Unique Needs of Adolescent and Young Adult Patients
When a young adult is diagnosed with cancer, treatment may be within a children’s hospital or within an adult care clinic. However, neither care center seems to be an ideal fit for this “in-between” patient population with unique needs. More concerning is the fact that little improvement has been made in survival rates in decades for those between the ages of 15 to 39.
At the Children’s Cancer Hospital, the Adolescent and Young Adult (AYA) Program was developed to address the special medical and psychosocial needs this age group has. Fertility trials, targeted therapies, vocational counseling and peer-to-peer support are just a few services provided through the program to all MD Anderson young adult patients. They also started a new Facebook fan page called Young Cancer Connection to help young adult cancer patients and survivors connect with one another.

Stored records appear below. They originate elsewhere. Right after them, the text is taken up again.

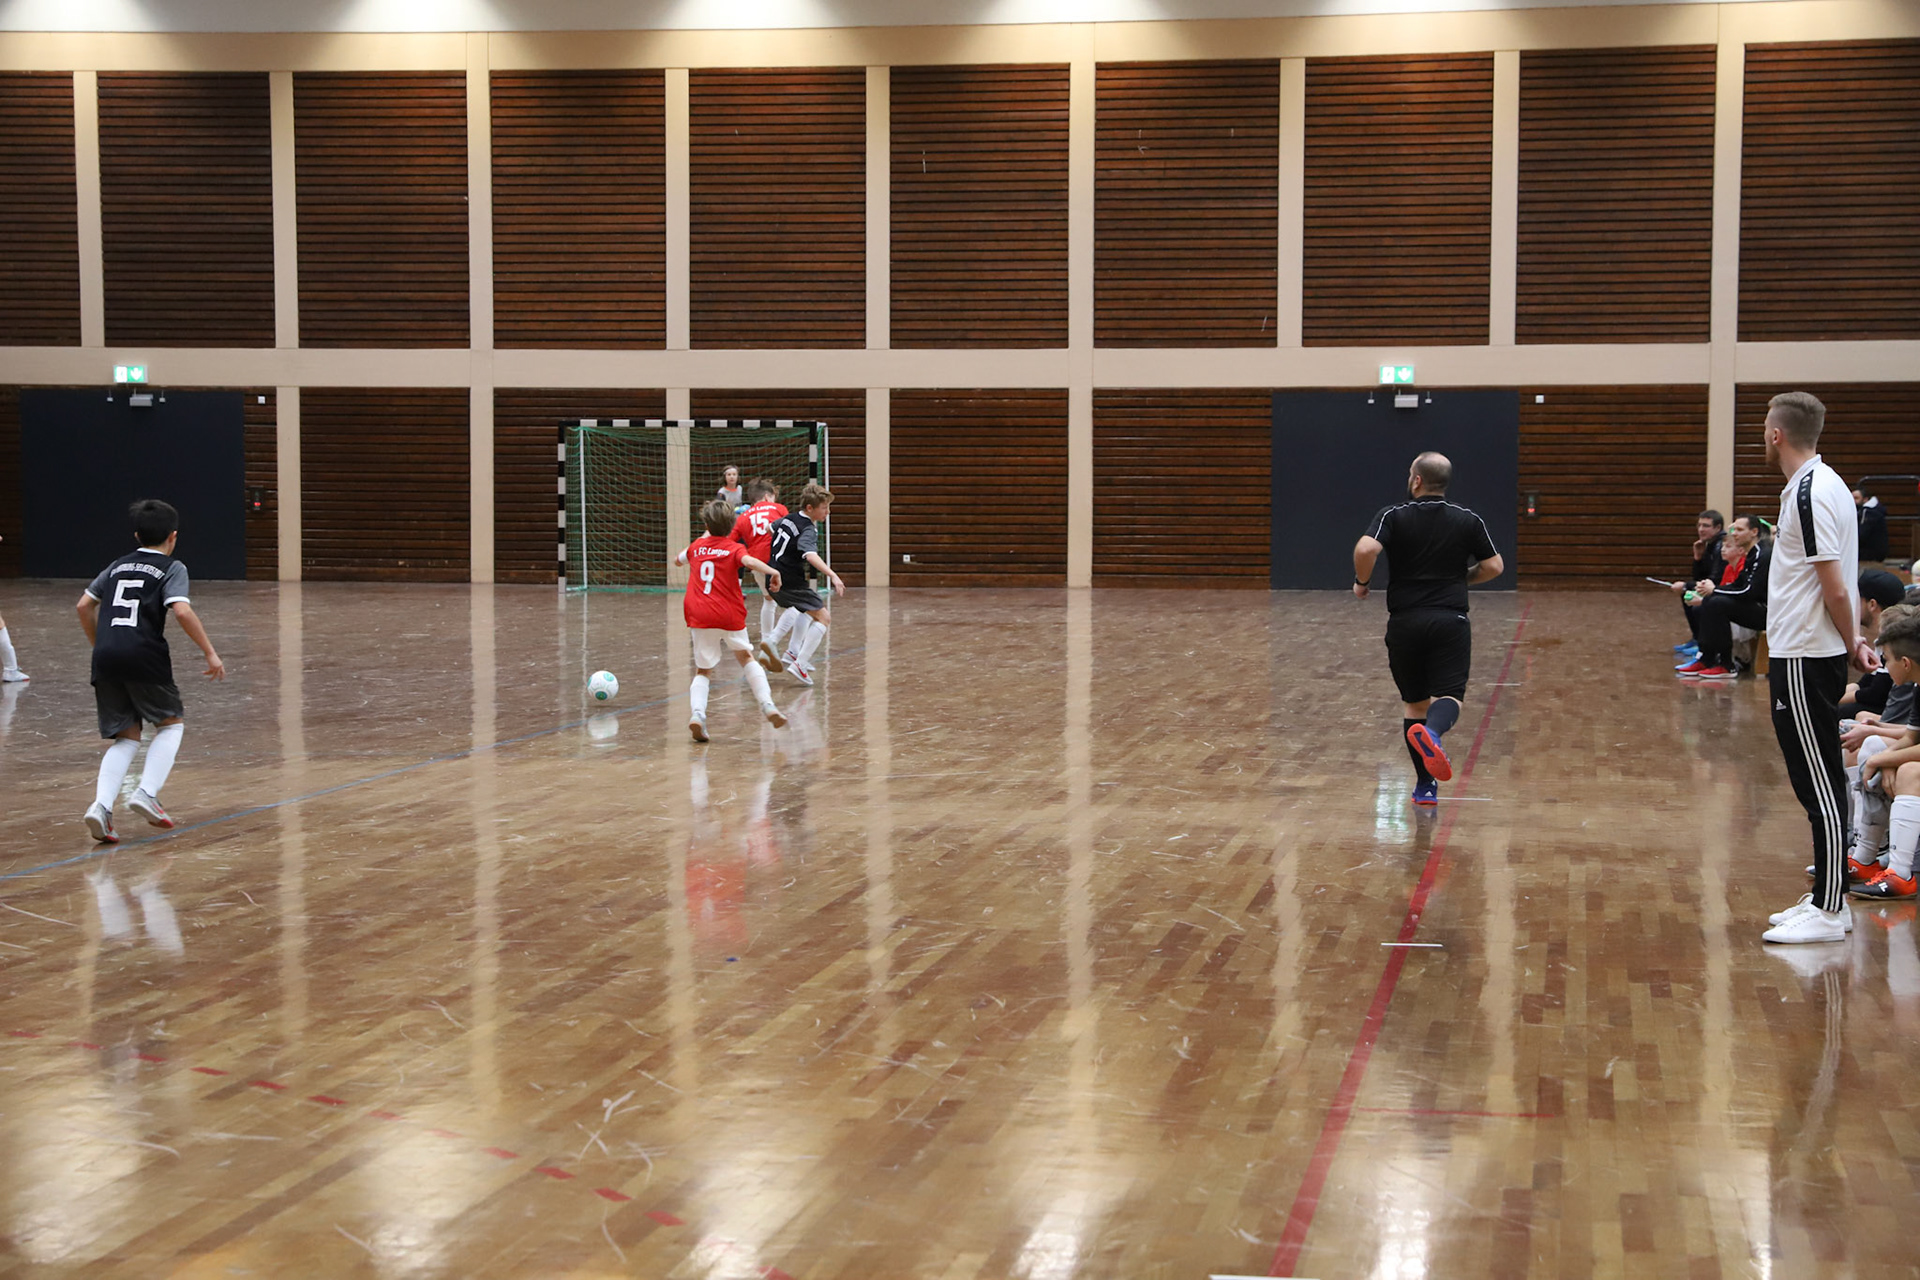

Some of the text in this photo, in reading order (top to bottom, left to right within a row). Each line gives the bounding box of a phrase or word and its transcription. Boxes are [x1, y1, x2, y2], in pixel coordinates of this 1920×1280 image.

[749, 511, 770, 537] 15
[698, 546, 707, 556] FC
[707, 547, 730, 558] Langen
[700, 560, 715, 595] 9
[111, 579, 145, 627] 5

In 2009, a patient advisory council was formed consisting of young adult patients and survivors as well as faculty and staff from MD Anderson. This patient-centered AYA Advisory Council is one of the first in the nation that allows young adults to work collaboratively with hospital employees to enhance the experience and services offered to young adult patients. Already, the group has helped with the planning of a young adult cancer symposium and provided feedback on the best ways to reach this patient population.
In addition, a new program, Cancer180, was formed by Anderson Network to coordinate young adult social outings for patients, survivors and caregivers and encourage peer-to-peer interaction. Recently, young adult cancer patients and survivors met up at Joystix for a night of arcade action hosted by Cancer180.
Medically, there are several studies focusing on the epidemiological differences of this patient population compared to its younger and older counterparts. Michael Rytting, M.D., from the Children’s Cancer Hospital, presented research at the American Society of Hematology’s annual meeting on the benefits of treating young adult leukemia patients with a pediatric therapy compared to the adult regimen.
At the American Society of Pediatric Hematology Oncology’s annual meeting, Peter Anderson, M.D., Ph.D., presented a new way of delivering standard osteosarcoma therapy in an outpatient setting to improve quality of life for young adults. The study showed the safety and feasibility of outpatient osteosarcoma therapy and unveiled that most young adult patients preferred this type of care.
The cell therapy and leukemia teams have also completed studies focusing on AYA patients during stem cell transplants. Anna Franklin, M.D., and Janet Ortiz, R.N., reported ways to successfully address the unmet social needs of this patient population at the BMT Tandem Meetings. In addition, Laura Worth, M.D., Ph.D., and Nicole Rosipal, R.N., are piloting an exercise gaming program for use during transplant, and anticipate that exercise will help decrease anxiety and increase overall performance for AYAs receiving transplants.
As more attention is given to AYA patients, physicians are learning how to better care for these patients from both a medical standpoint and a psychological and emotional perspective. Coupled by collaboration with the AYA Advisory Council, MD Anderson has established itself as a leader in improving both outcomes and quality of life for all AYA patients.